Researchers have developed a new test that can predict the severity of inflammatory bowel disease. The test will help allow for more personalized treatment plans in the future.
Inflammatory bowel disease (IBD) is the term that doctors use to describe chronic inflammation of the gastrointestinal tract.
According to the Centers for Disease Control and Prevention (CDC), 1.3% of adults in the United States have IBD.
Types of IBD include Crohn’s disease, which involves the lining of the digestive tract, and ulcerative colitis, which affects the lining of the large intestine and rectum.
Various medicines can treat the symptoms of IBD and stop its reoccurrence, but there is currently no cure. The more severe the inflammation is, the more powerful the drugs need to be, and some of these medications can have unpleasant side effects.
For this reason, researchers are keen to find ways to predict how the course of the disease will progress to guide the treatment options. To date, however, this has not been possible.
Previously, researchers in Cambridge in the United Kingdom demonstrated the potential to use a genetic signature in CD8 T cells — a type of immune cell — to predict the severity of IBD. However, a test was not practical because isolating CD8 T cells and identifying the signature was complex.
Following on from this, scientists at the U.K.’s University of Cambridge focused on developing a test — using the CD8 T cell signature — but with readily available technology.
The researchers, who have published their findings in the journal Gut, used a mix of machine learning and a whole-blood assay called quantitative polymerase chain reaction (qPCR).
By using qPCR, which is a commonplace tool in many healthcare and research labs, they could identify genetic signatures and ascertain whether someone’s IBD would be mild or severe.
Once the test was ready, the scientists confirmed their findings in more than 120 people with IBD from across the U.K.
Dr.

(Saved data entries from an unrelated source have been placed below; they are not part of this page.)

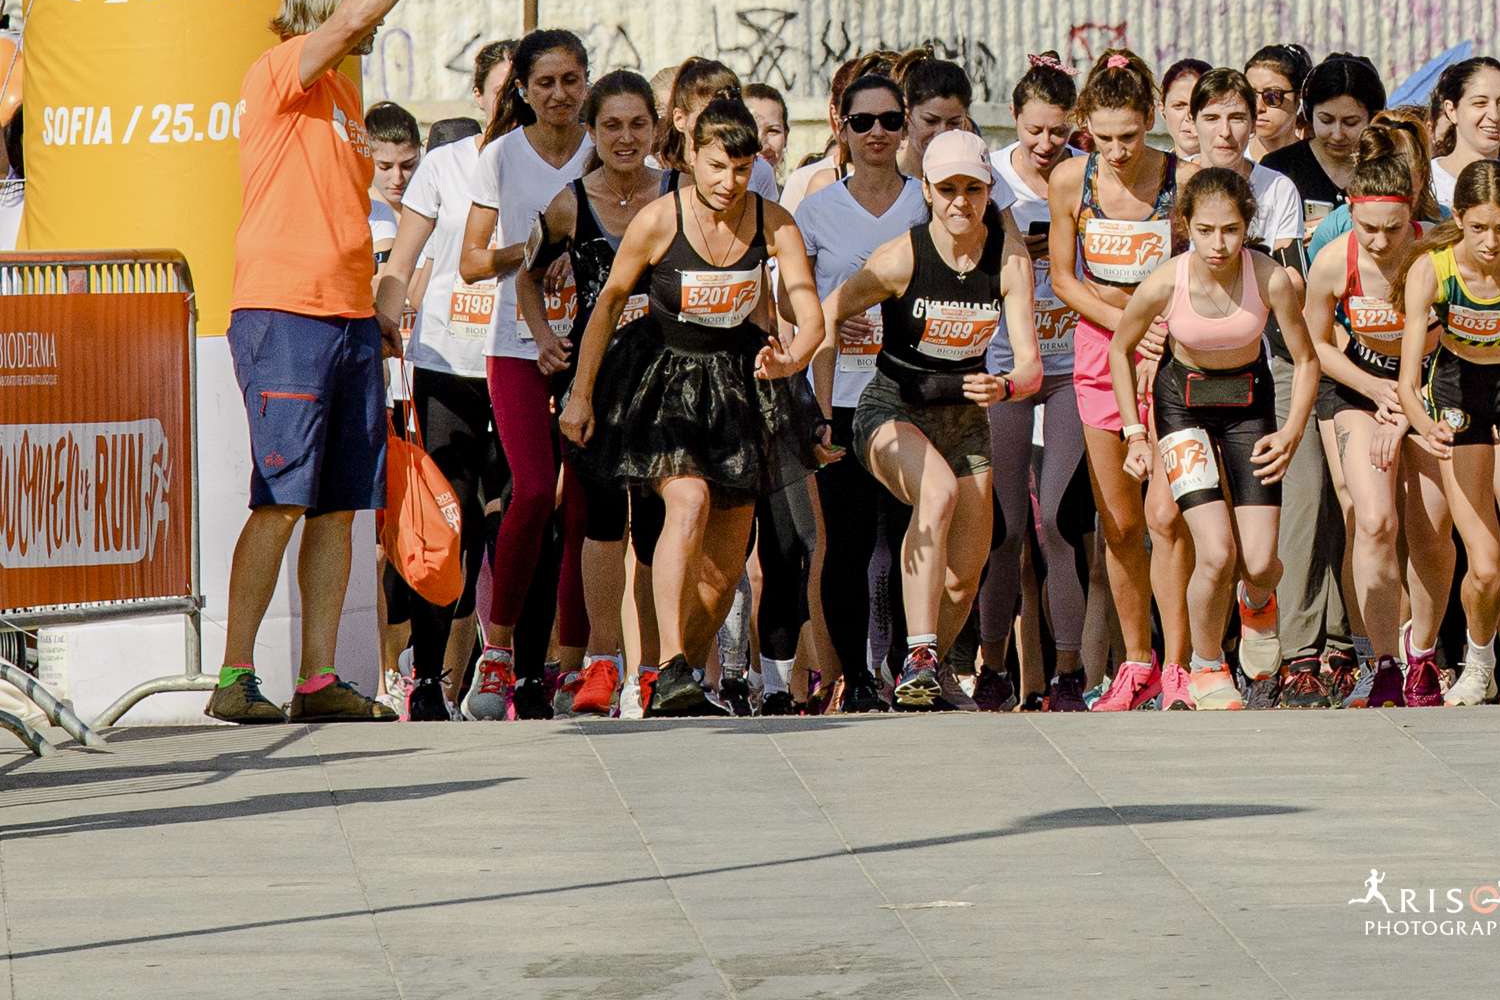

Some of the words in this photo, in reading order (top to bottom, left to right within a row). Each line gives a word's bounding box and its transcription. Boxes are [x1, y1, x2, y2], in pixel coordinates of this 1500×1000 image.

[42, 107, 113, 146] SOFIA
[1089, 235, 1132, 256] 3222
[454, 294, 492, 315] 3198
[688, 286, 730, 306] 5201
[1356, 309, 1398, 328] 3224
[1453, 314, 1498, 330] 8035
[928, 320, 974, 339] 5099
[1353, 342, 1398, 371] NIKE
[95, 433, 144, 553] RUN
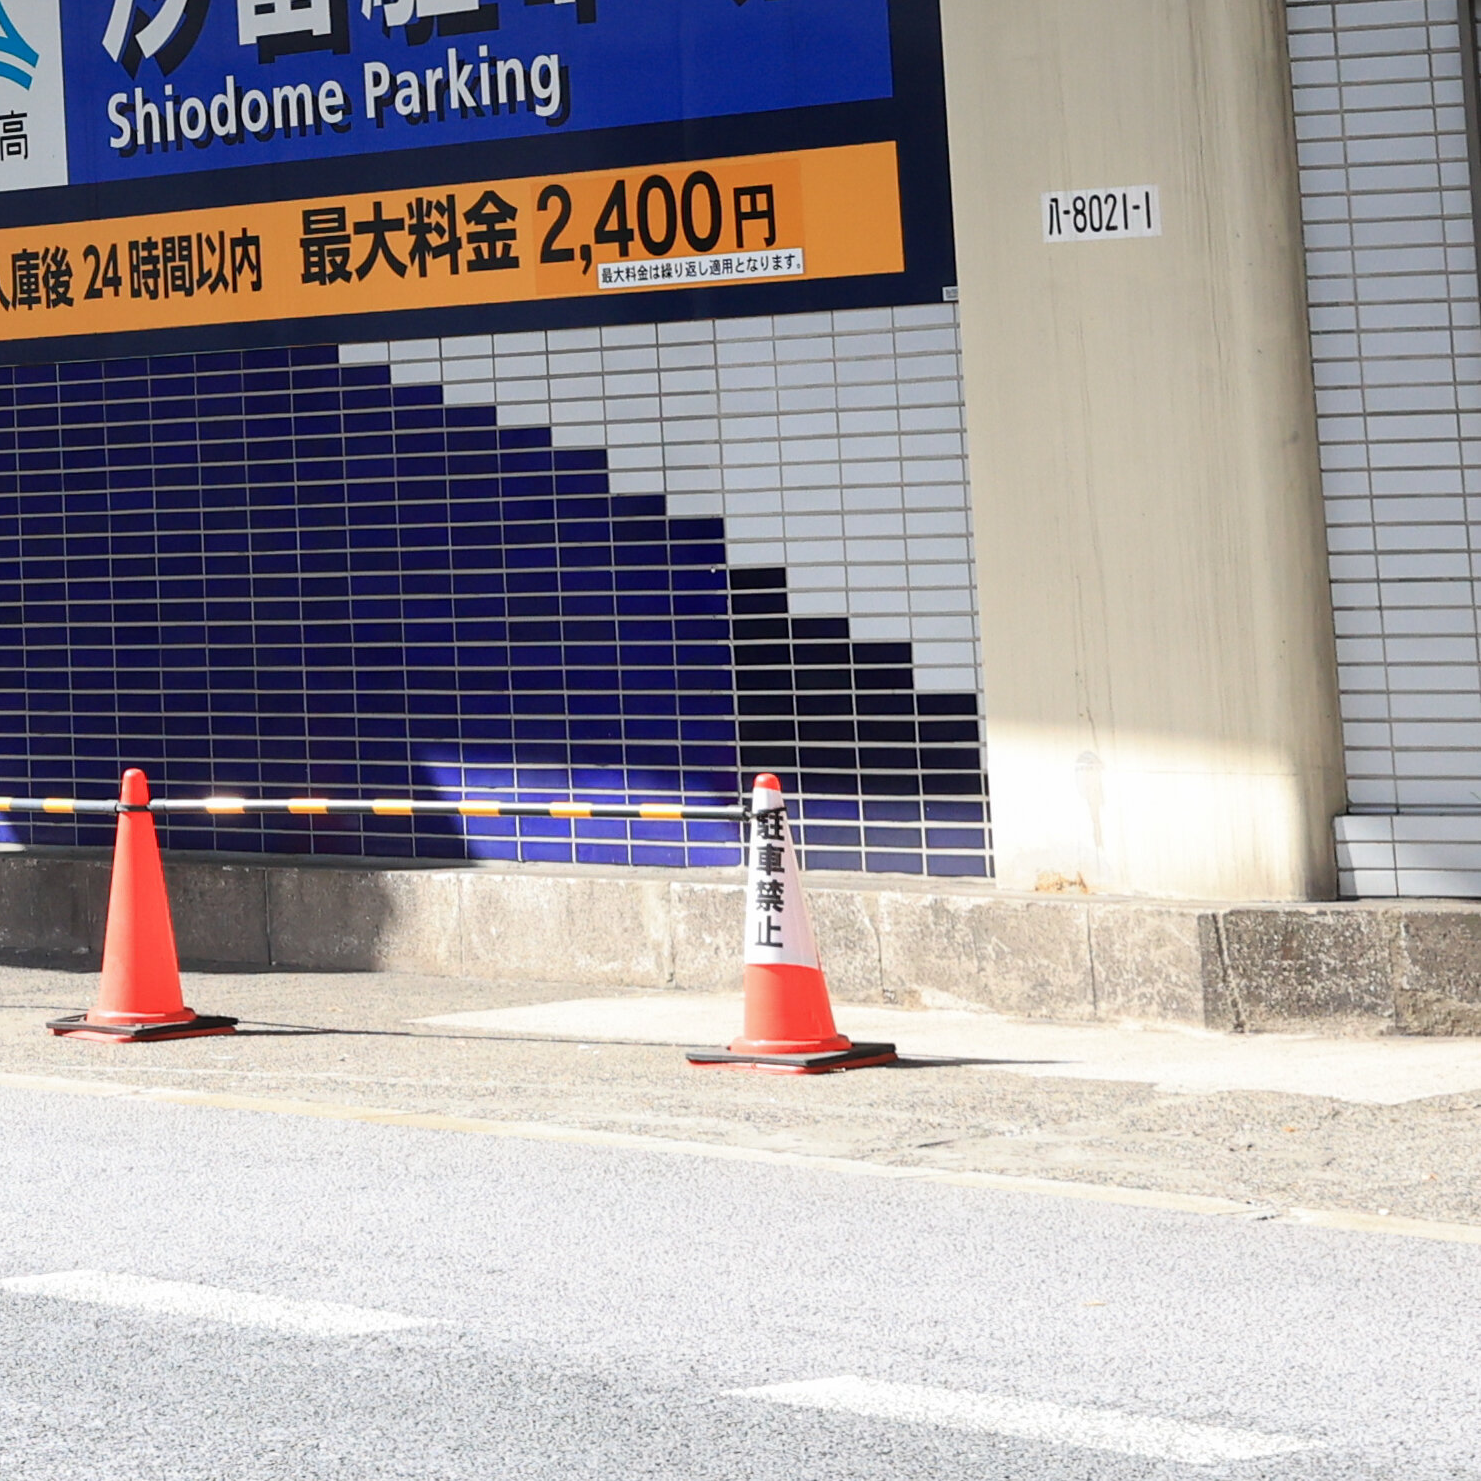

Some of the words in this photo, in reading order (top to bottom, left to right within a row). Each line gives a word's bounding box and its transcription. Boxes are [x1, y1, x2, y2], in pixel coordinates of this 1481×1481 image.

[106, 75, 344, 149] Shiodome
[364, 45, 562, 118] Parking
[601, 253, 802, 284] 最大料金は繰り返し適用となります。
[755, 809, 785, 949] 駐車禁止

James Lee, who is the joint first author of the study, explains how straightforward the process could prove.
“Using simple technology that is available in almost every hospital, our test looks for a biomarker — essentially, a medical signature — to identify which patients are likely to have mild IBD and which ones will have more serious illness.”
Author Dr. James Lee
Continuing, Dr. Lee says: “If an individual is likely to have only mild disease, they don’t want to be taking strong drugs with unpleasant side-effects. But, similarly, if someone is likely to have a more aggressive form of the disease, then the evidence suggests that the sooner we can start them on the best available treatments, the better we can manage their condition.”

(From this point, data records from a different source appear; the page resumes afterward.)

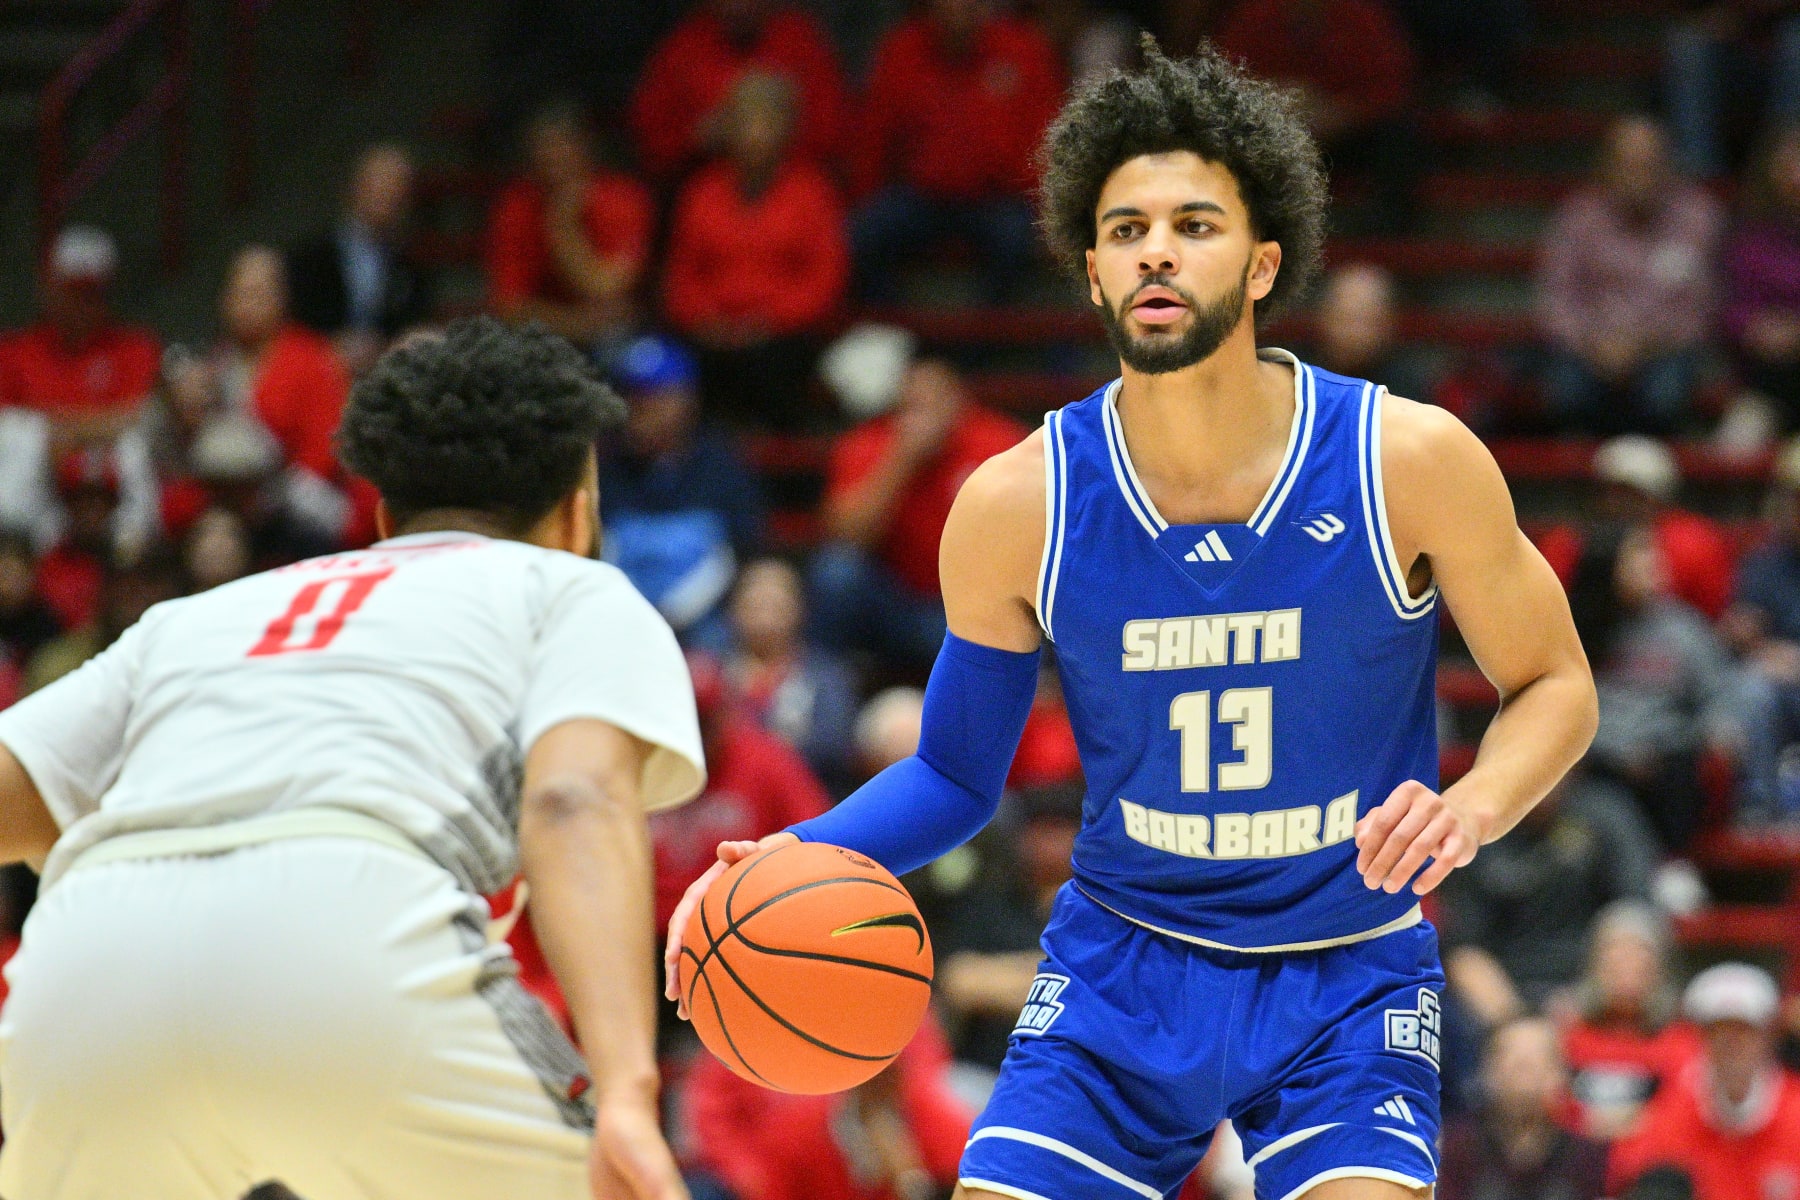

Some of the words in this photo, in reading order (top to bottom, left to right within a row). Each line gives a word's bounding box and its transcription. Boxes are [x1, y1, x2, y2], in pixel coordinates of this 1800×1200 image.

[246, 566, 396, 657] 0
[1122, 607, 1302, 671] SANTA
[1169, 686, 1273, 792] 13
[1118, 789, 1359, 861] BARBARA
[1027, 978, 1065, 1003] TA

The researchers say that the test compares to biomarkers for cancer, which have contributed to the creation of new treatments.
A company co-founded by Prof. Ken Smith, senior author of the study, with support from Cambridge Enterprise, a branch of Cambridge University is now focusing on developing the new test further.

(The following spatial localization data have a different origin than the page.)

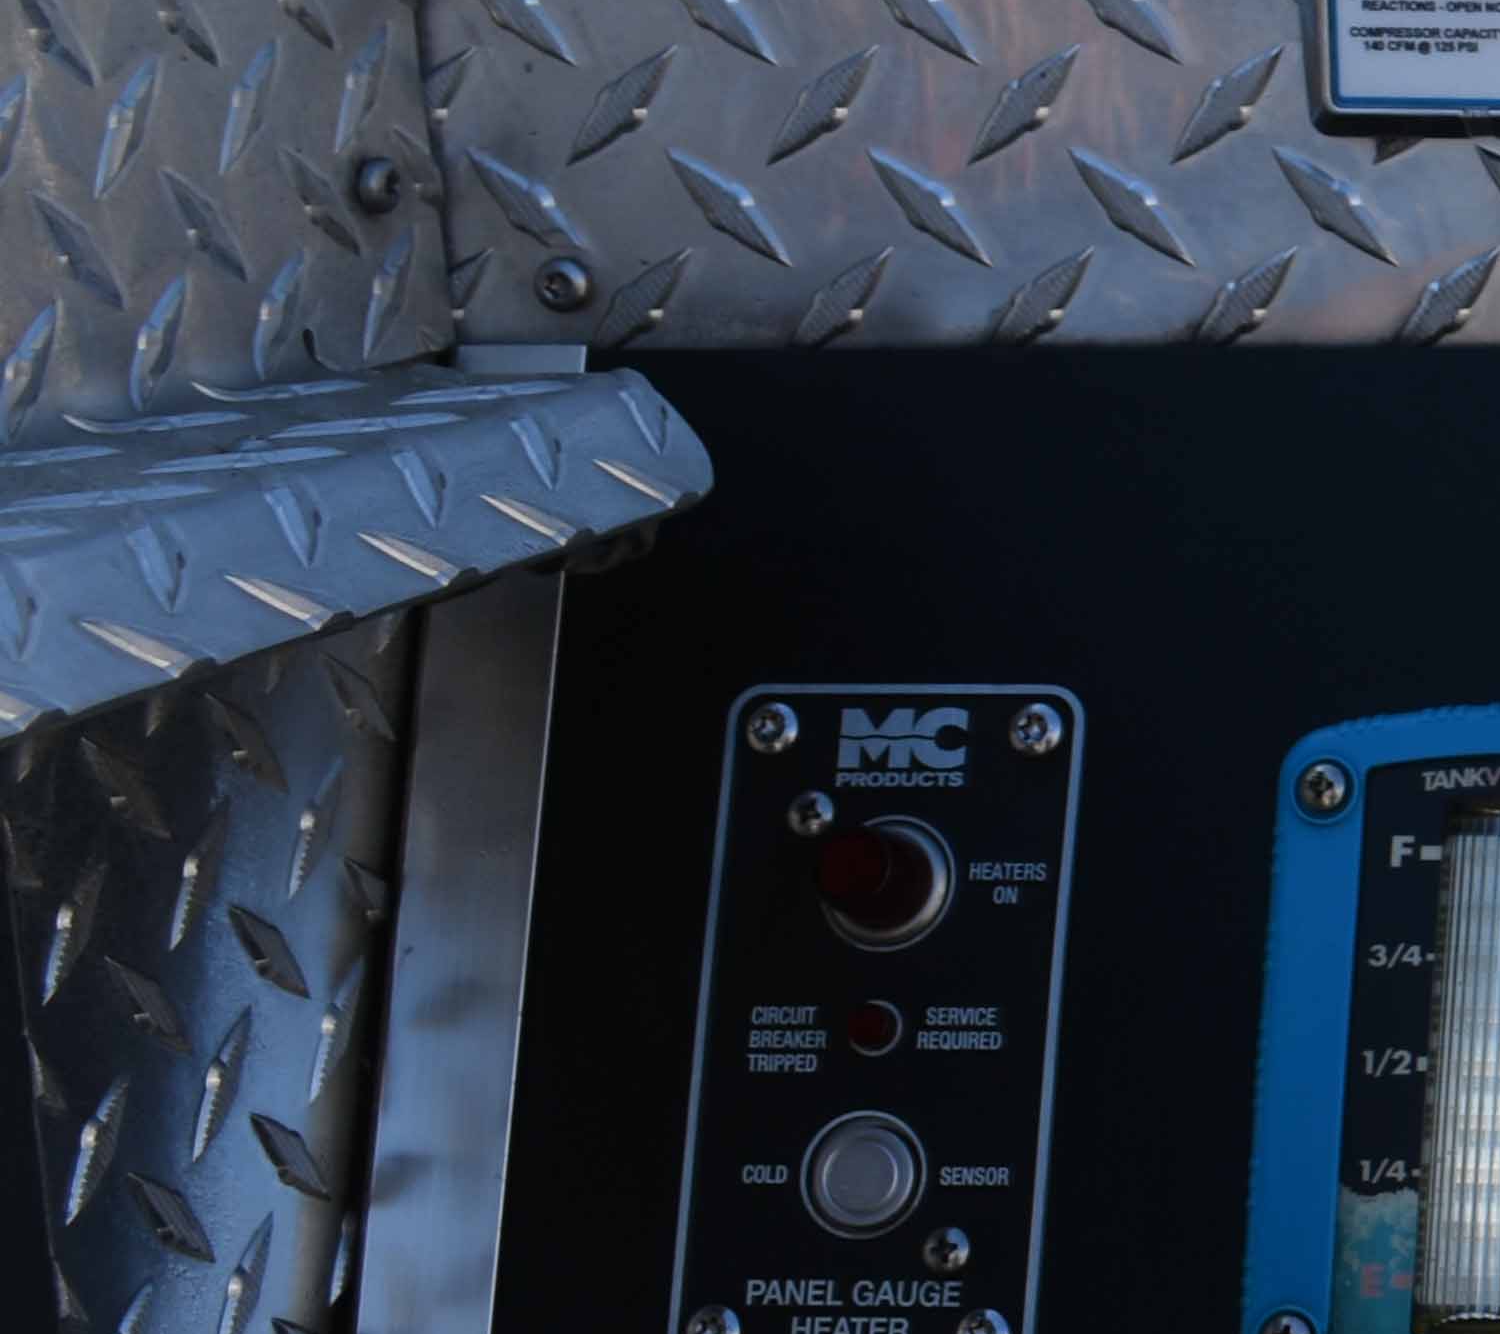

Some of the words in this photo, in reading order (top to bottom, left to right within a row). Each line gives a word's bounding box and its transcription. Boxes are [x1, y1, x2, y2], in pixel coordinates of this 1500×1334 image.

[837, 707, 968, 768] MC
[835, 767, 964, 787] PRODUCTS
[1390, 835, 1415, 867] F
[969, 862, 1047, 881] HEATERS
[992, 886, 1018, 904] ON
[1368, 943, 1422, 968] 3/4
[750, 1006, 817, 1025] CIRCUIT
[926, 1007, 997, 1026] SERVICE
[748, 1030, 826, 1049] BREAKER
[916, 1031, 1002, 1050] REQUIRED
[747, 1054, 818, 1072] TRIPPED
[1363, 1048, 1411, 1077] 1/2
[742, 1165, 788, 1184] COLD
[940, 1166, 1009, 1186] SENSOR
[1360, 1158, 1406, 1184] 1/4
[746, 1279, 843, 1306] PANEL
[852, 1280, 962, 1307] GAUGE

“IBD can be a very debilitating disease, but this new test could help us transform treatment options, moving away from a ‘one size fits all’ approach to a personalized approach to treating patients,” said Prof. Smith.
Helen Terry, Director of Research at Crohn’s & Colitis U.K., welcomed the new approach as “really exciting.” She explains that the latest study is the accumulation of a decade of medical research and could “drastically change” the lives of those people with IBD.
The research team also illustrates the relevance of its work with a case study that shows how one individual would have benefited from the new prognostic test and a more personalized approach.
The 31-year-old woman received a Crohn’s disease diagnosis when she was 14 years old. She underwent bowel resection, but symptoms returned. Different medications failed, and she had drug side effects that lead to more admissions to the hospital.
With a badly damaged bowel, the patient needed another surgical procedure when she was 20 years of age, which was followed by more drug treatment.
The Cambridge researchers believe that a prognostic test would have allowed the woman to be more aware of her disease’s likely course, and it would have allowed her to try stronger treatments earlier.